Your assignment: Print the listing exactly as it stands, and skip any pictures in it.

Dataset excerpts:
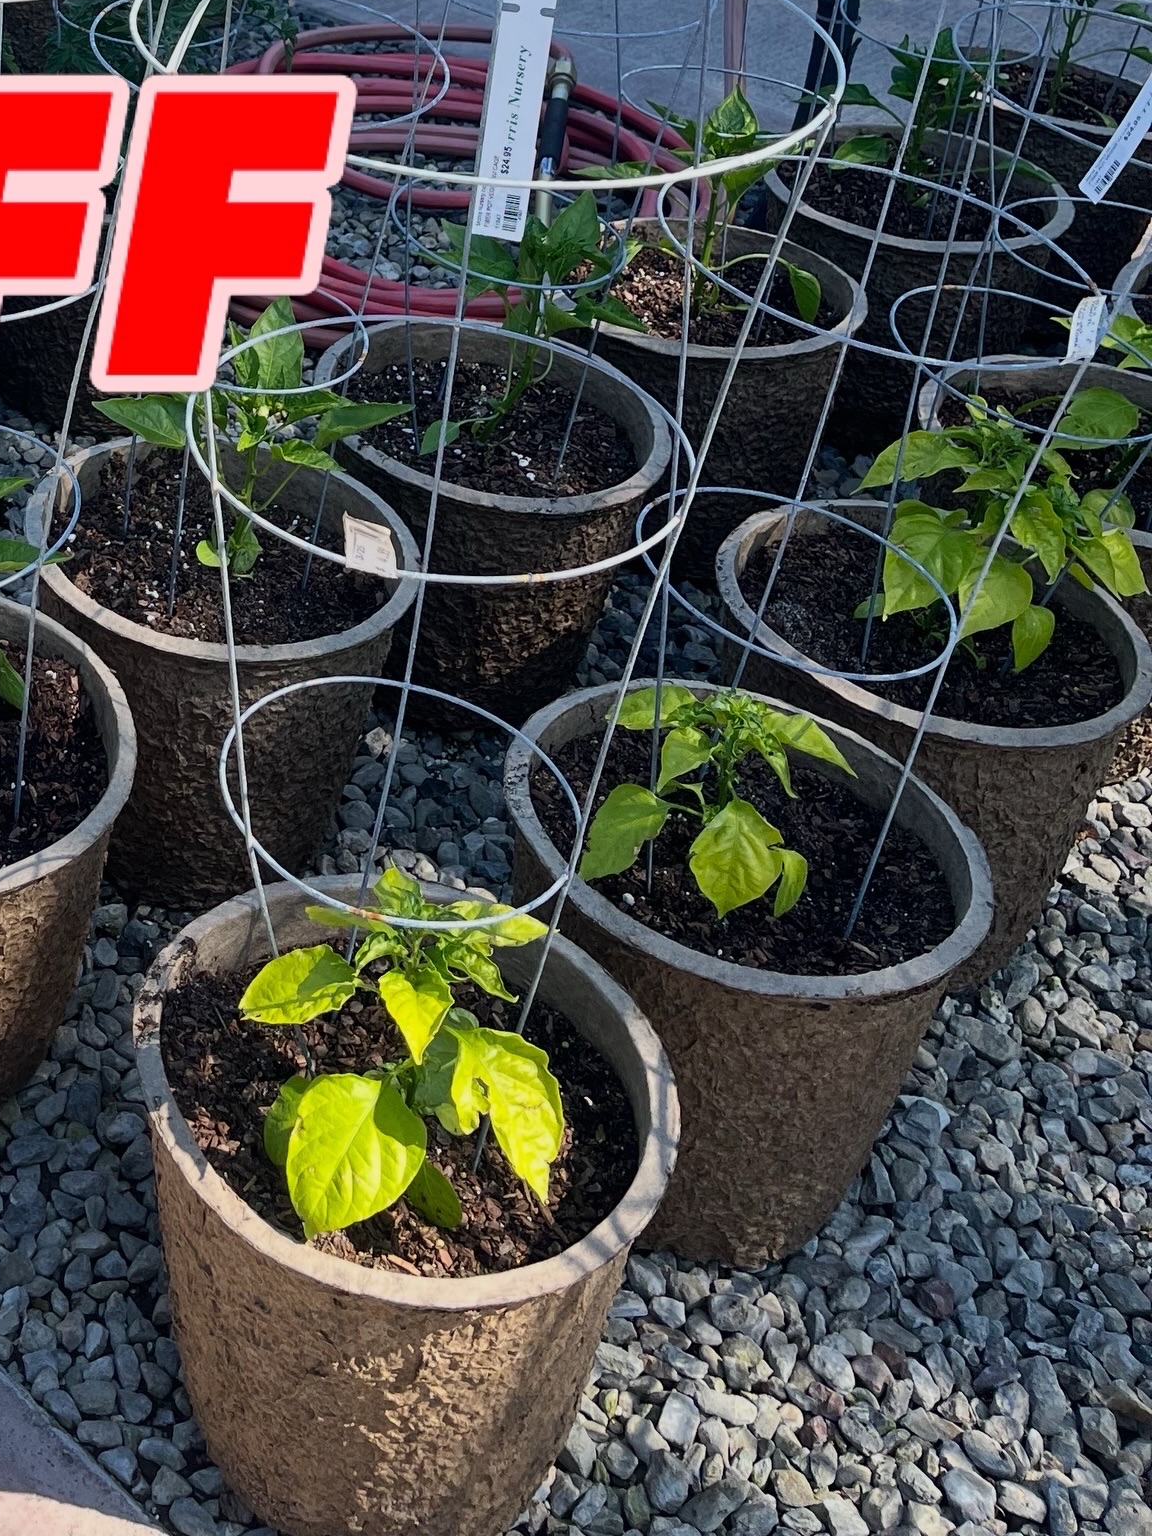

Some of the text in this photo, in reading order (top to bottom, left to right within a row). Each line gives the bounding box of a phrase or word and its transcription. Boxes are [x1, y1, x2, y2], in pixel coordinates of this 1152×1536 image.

[506, 44, 532, 145] rris Nursery
[500, 145, 512, 175] $24.95
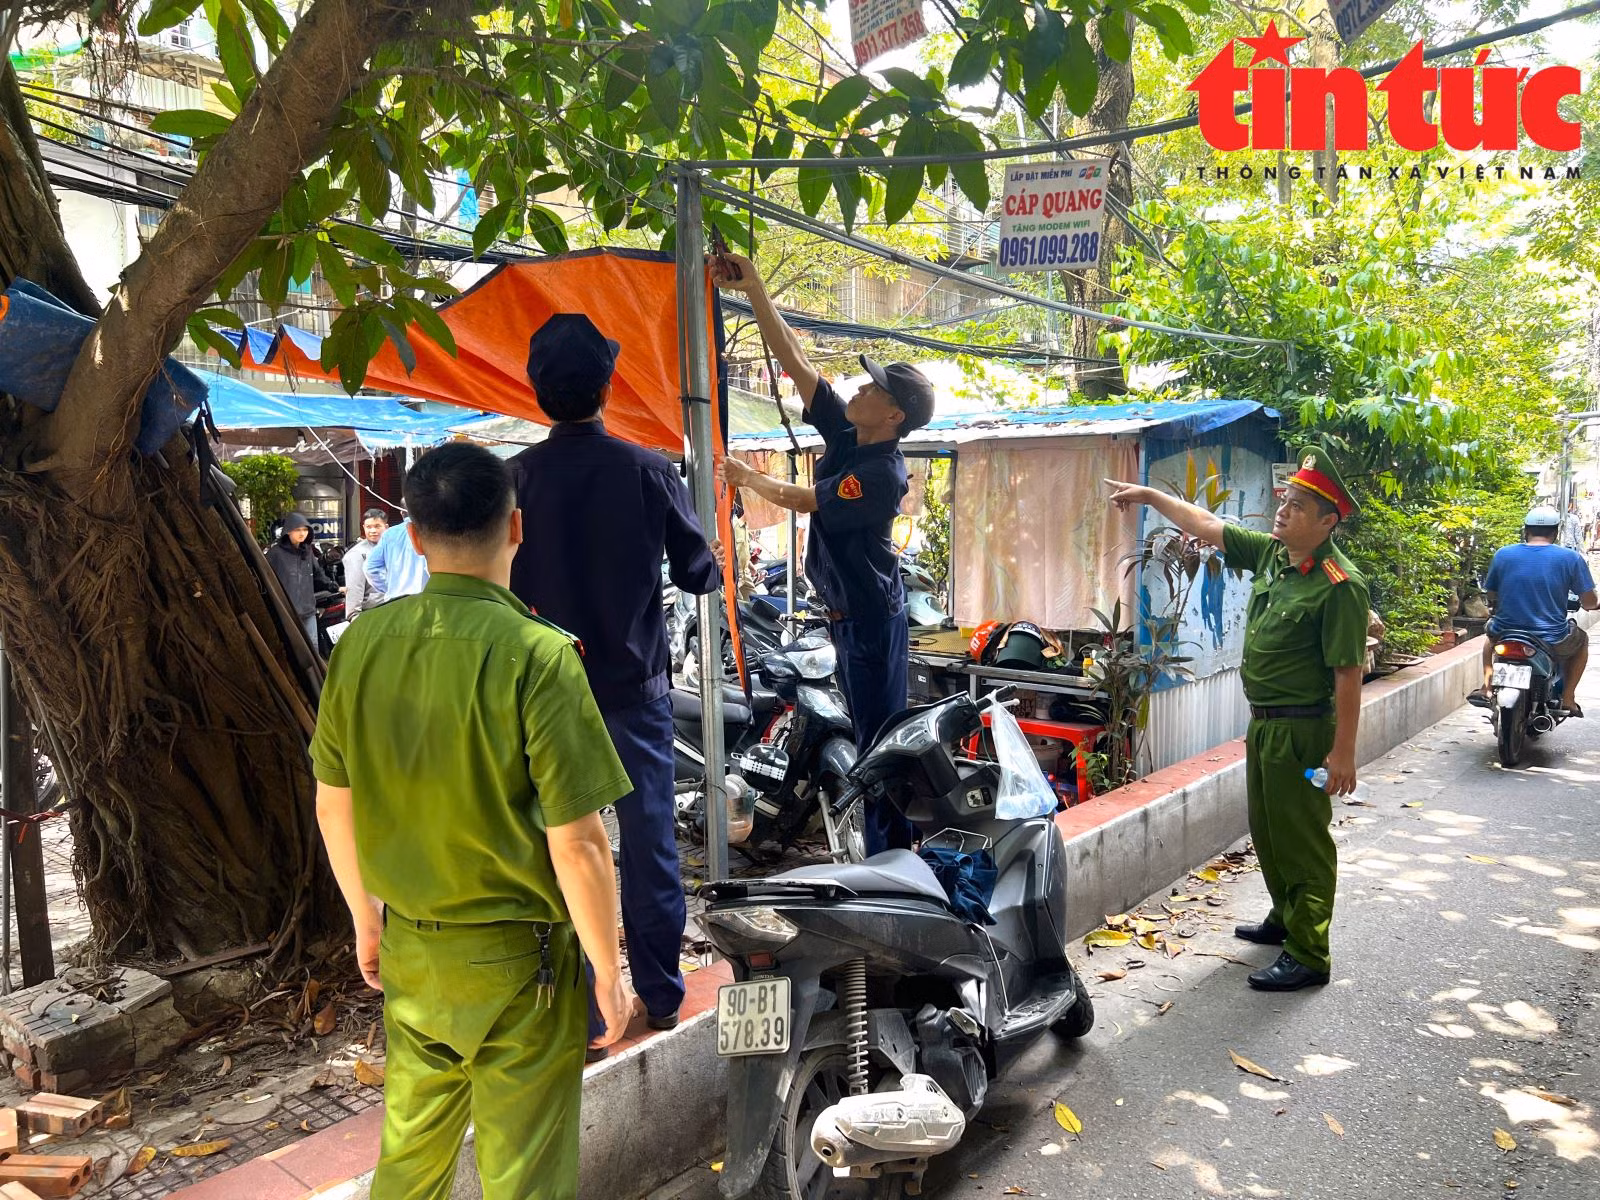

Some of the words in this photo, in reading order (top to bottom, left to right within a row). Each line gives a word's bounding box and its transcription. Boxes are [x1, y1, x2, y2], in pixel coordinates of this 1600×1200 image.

[1335, 0, 1385, 39] 0972.
[1005, 188, 1039, 217] CÁP
[1042, 188, 1103, 219] QUANG
[1038, 221, 1071, 232] MODEM
[1072, 219, 1091, 230] WIFI
[1000, 231, 1100, 268] 0961.099.288
[727, 983, 778, 1018] 90-B1
[720, 1016, 784, 1051] 578.39

Task solution:
Some of the text in this photo, in reading order (top to bottom, left to right within a row). Each line gives the bounding box of a phrase or word and its transcription. Boxes are [x1, y1, x2, y2], in pixel coordinates of this 1152×1536 image.

[506, 44, 532, 145] rris Nursery
[500, 145, 512, 175] $24.95

Some of the words in this photo, in reading order (top to bottom, left to right within a row). Each line gives a word's bounding box and its transcription. Boxes are [x1, y1, x2, y2], in pixel coordinates of this 1600×1200 image.

[1335, 0, 1385, 39] 0972.
[1005, 188, 1039, 217] CÁP
[1042, 188, 1103, 219] QUANG
[1038, 221, 1071, 232] MODEM
[1072, 219, 1091, 230] WIFI
[1000, 231, 1100, 268] 0961.099.288
[727, 983, 778, 1018] 90-B1
[720, 1016, 784, 1051] 578.39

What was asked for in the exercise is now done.